The first wave of payments from the Restaurant Revitalization Fund (RRF) is going out to more than 16,000 restaurants and other food and beverage providers, some of whom could see relief money in their bank accounts as soon as Tuesday.
A week after opening the $28.6 billion RRF, the U.S. Small Business Administration (SBA) said late Monday afternoon that it had begun sending out more than $2 billion in a first round of funding to restaurants, bars, and other eligible applicants.
“Restaurants are the core of our neighborhoods and propel economic activity on Main Streets across the nation,” said SBA Administrator Isabella Casillas Guzman in a news release. “We know that this help is urgently needed by so many who have suffered disproportionately from this pandemic and have often been unable to access relief.”
The SBA reported last week that more than 186,000 restaurants, bars, and other food and beverage businesses applied for RRF assistance during the first two days after the program’s application window opened May 3.
All eligible food and beverage providers are allowed to apply to the RRF, but for the first 21 days the SBA will prioritize reviewing applications from small businesses owned by women, veterans, and socially and economically disadvantaged individuals.
After the first 21 days, the SBA will fund all eligible applications on a first-come, first-serve basis. Approved applicants should expect an average of 14 days for processing, review, approval, and funds distribution, the SBA said.
Congress created the RRF to provide food and beverage providers with grants equal to their pandemic-related revenue loss, up to $10 million per business and no more than $5 million per physical location. The funds can be used for eligible expenses, such as payroll and rent.
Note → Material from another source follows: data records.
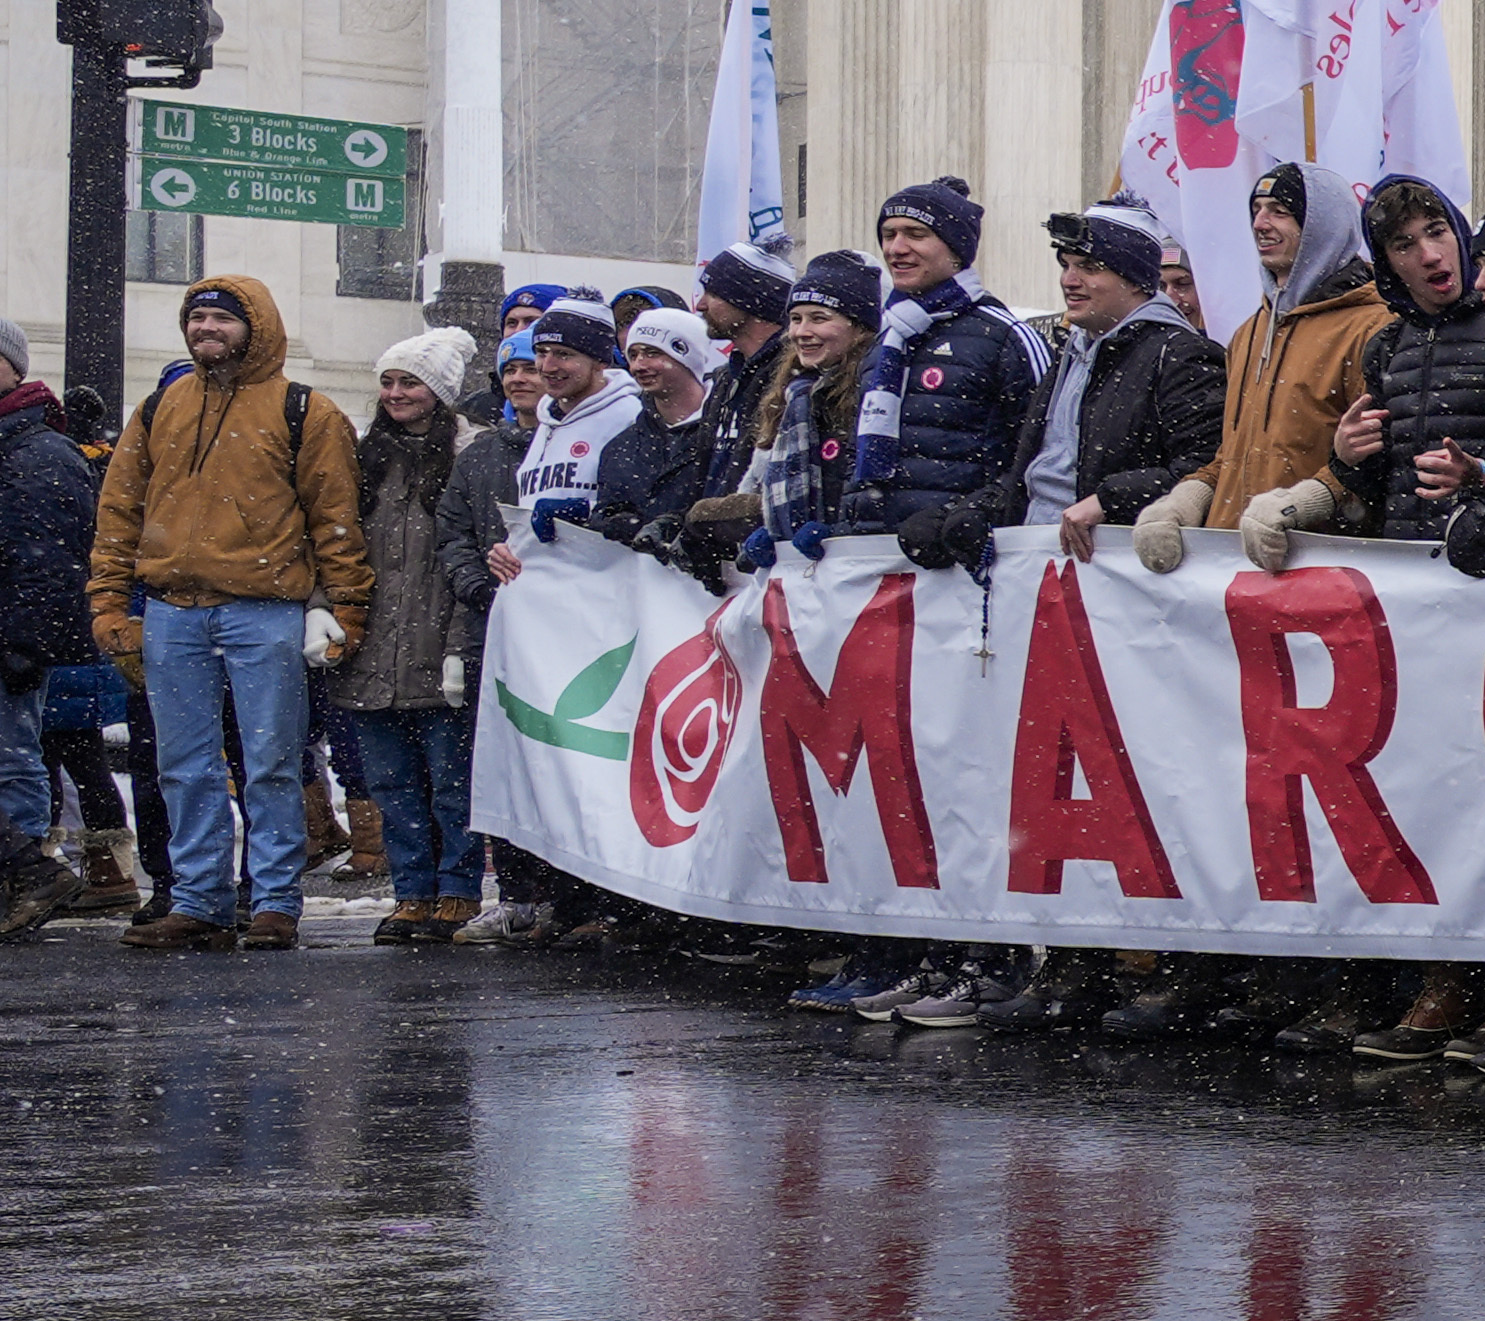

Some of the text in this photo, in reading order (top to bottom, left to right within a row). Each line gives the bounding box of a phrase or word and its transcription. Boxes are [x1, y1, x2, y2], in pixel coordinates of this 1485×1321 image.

[211, 111, 338, 134] Capitol South Station
[161, 142, 191, 151] metro
[229, 125, 318, 153] 3 Blocks
[222, 147, 246, 158] Blue
[265, 151, 301, 164] Orange
[306, 155, 329, 166] Line
[224, 168, 321, 184] UNION STATION
[228, 181, 318, 206] 6 Blocks
[247, 204, 298, 216] Red Line
[350, 213, 379, 222] metro
[519, 470, 537, 498] WE
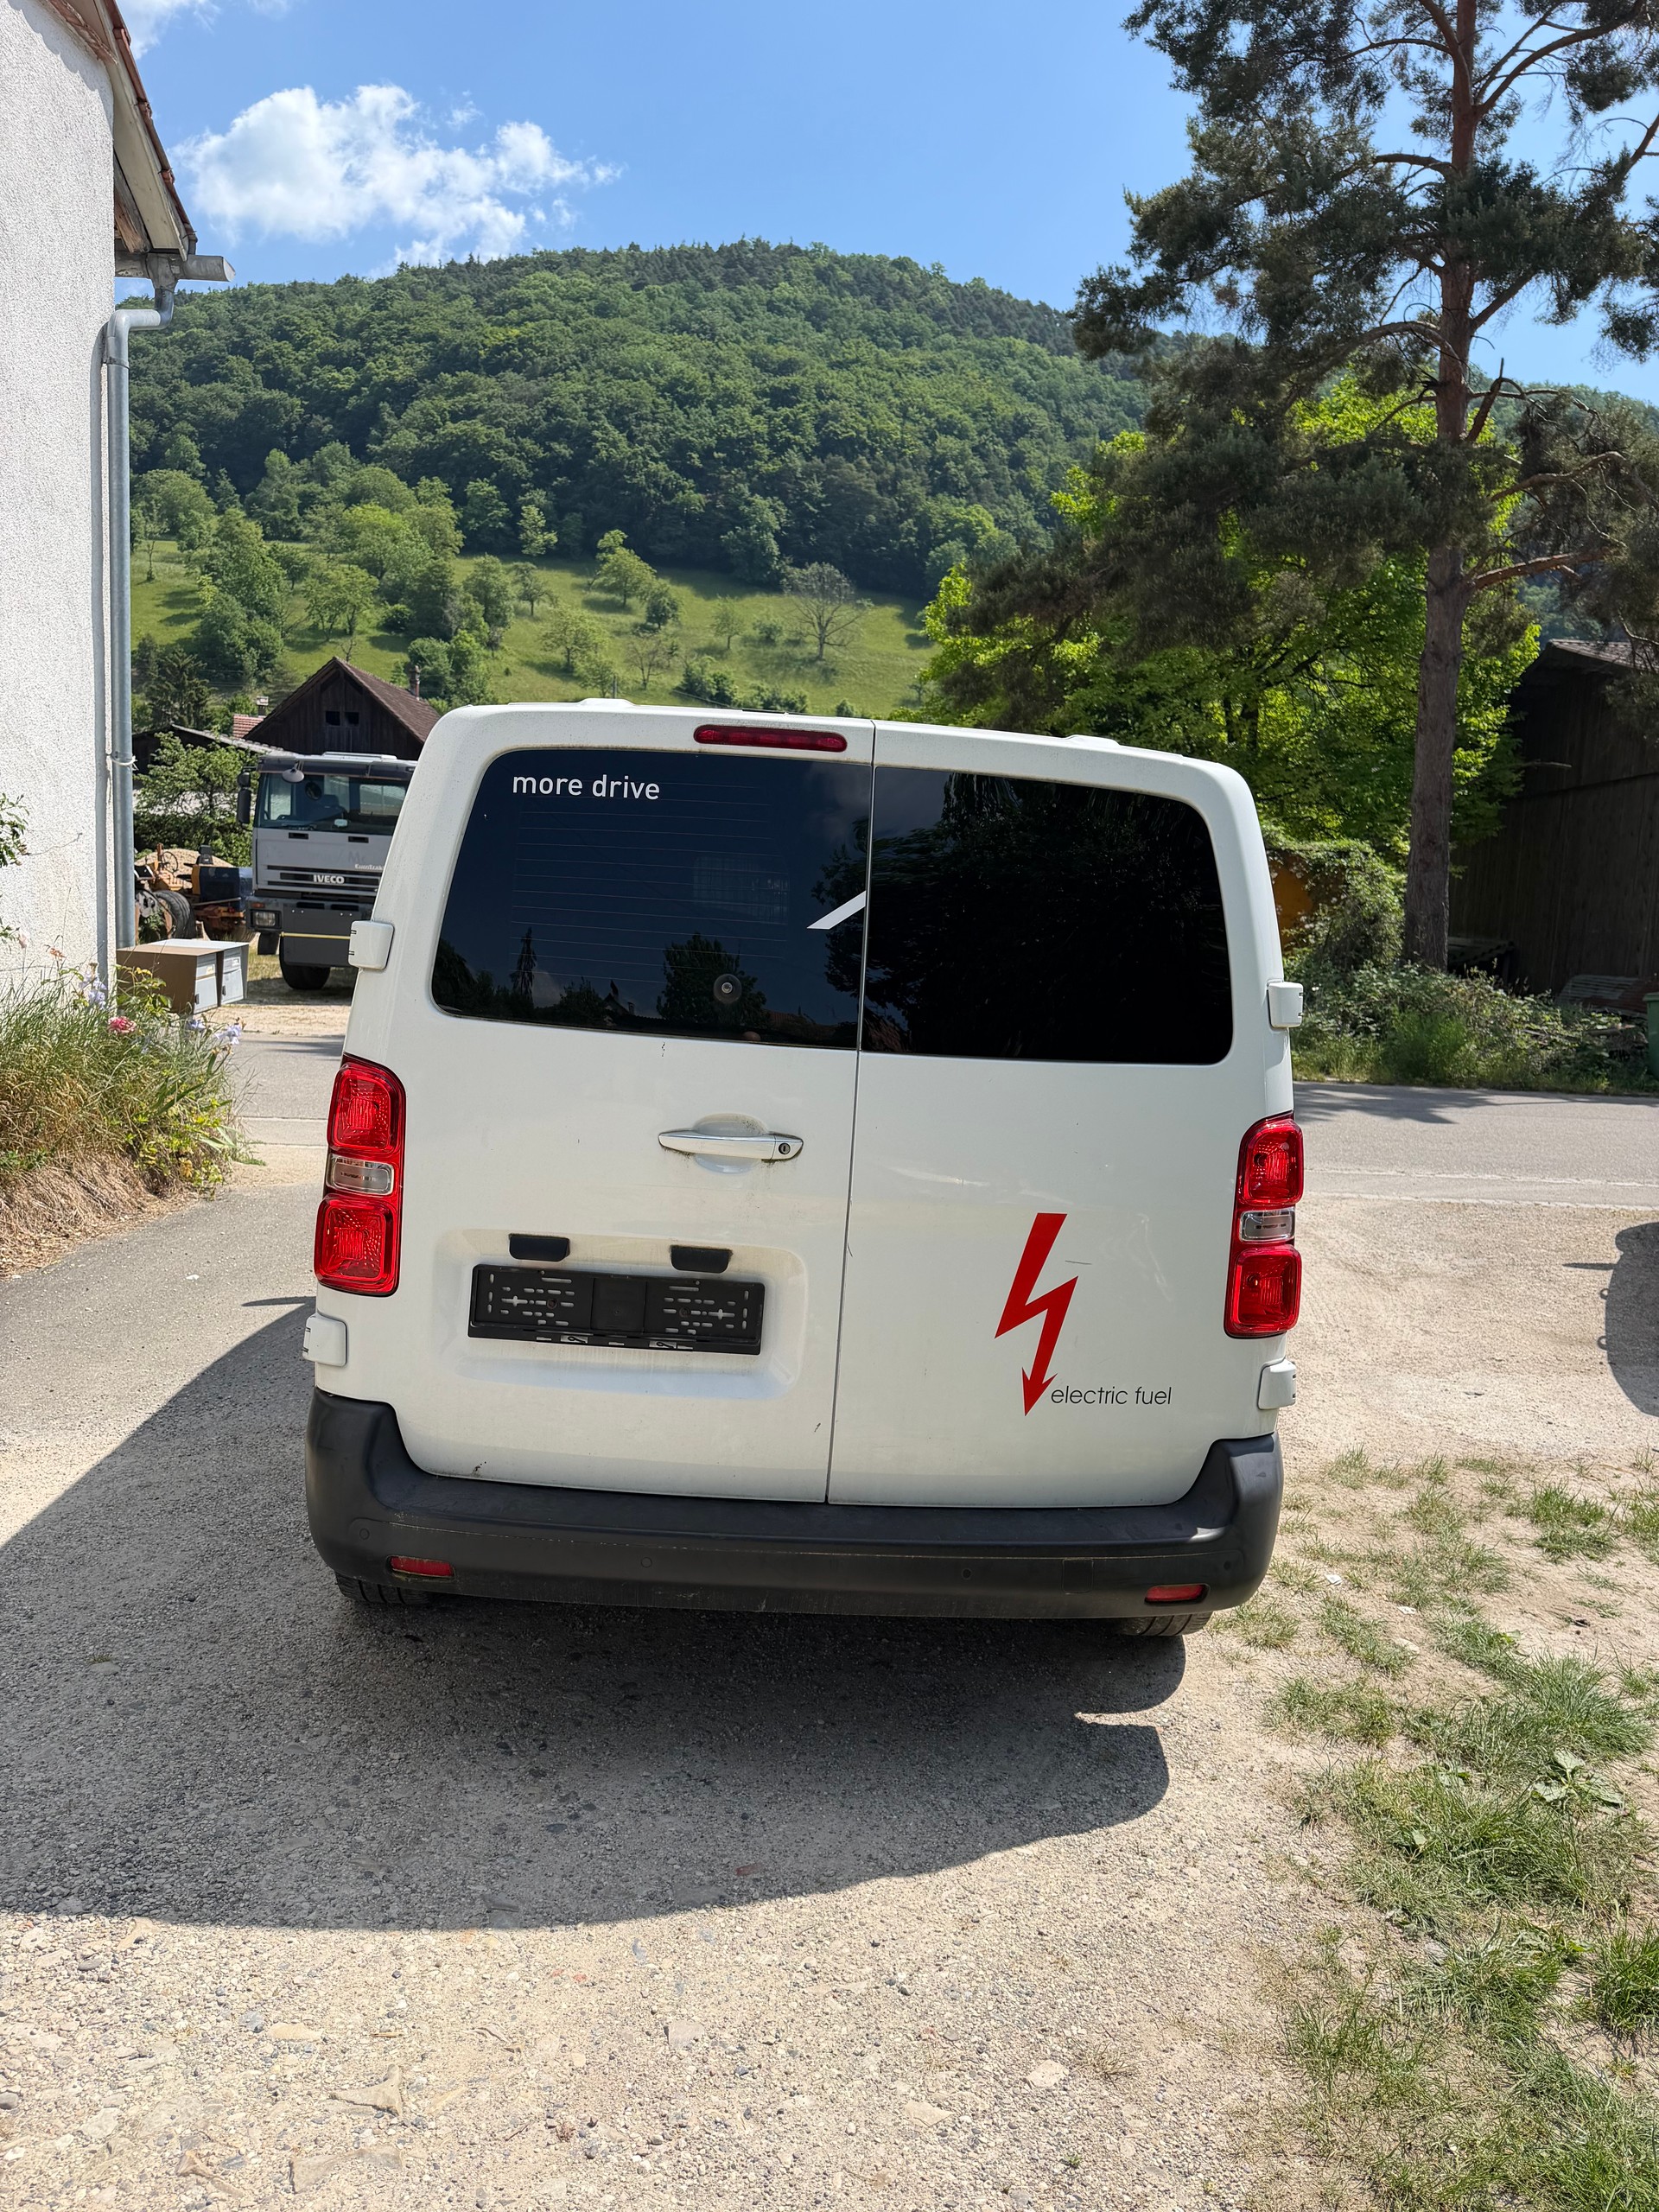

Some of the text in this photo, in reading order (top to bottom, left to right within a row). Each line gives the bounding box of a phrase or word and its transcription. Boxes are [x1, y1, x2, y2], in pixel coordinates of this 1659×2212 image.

[512, 774, 660, 800] more drive
[313, 874, 345, 884] IVECO
[1051, 1385, 1173, 1405] electric fuel
Eligible entities for the RRF include the following:
- Food stands, food trucks, and food carts;
- Bars, saloons, lounges, and taverns;
- Snack and nonalcoholic beverage bars;
- Bakeries, brewpubs, tasting rooms, taprooms, breweries, microbreweries, wineries, and distilleries at which on-site sales to the public comprise at least 33% of the gross receipts;
- Inns at which on-site sales of food and beverages to the public comprise at least 33% of gross receipts; and
- Licensed facilities or premises of a beverage alcohol producer where the public may taste, sample, or purchase products.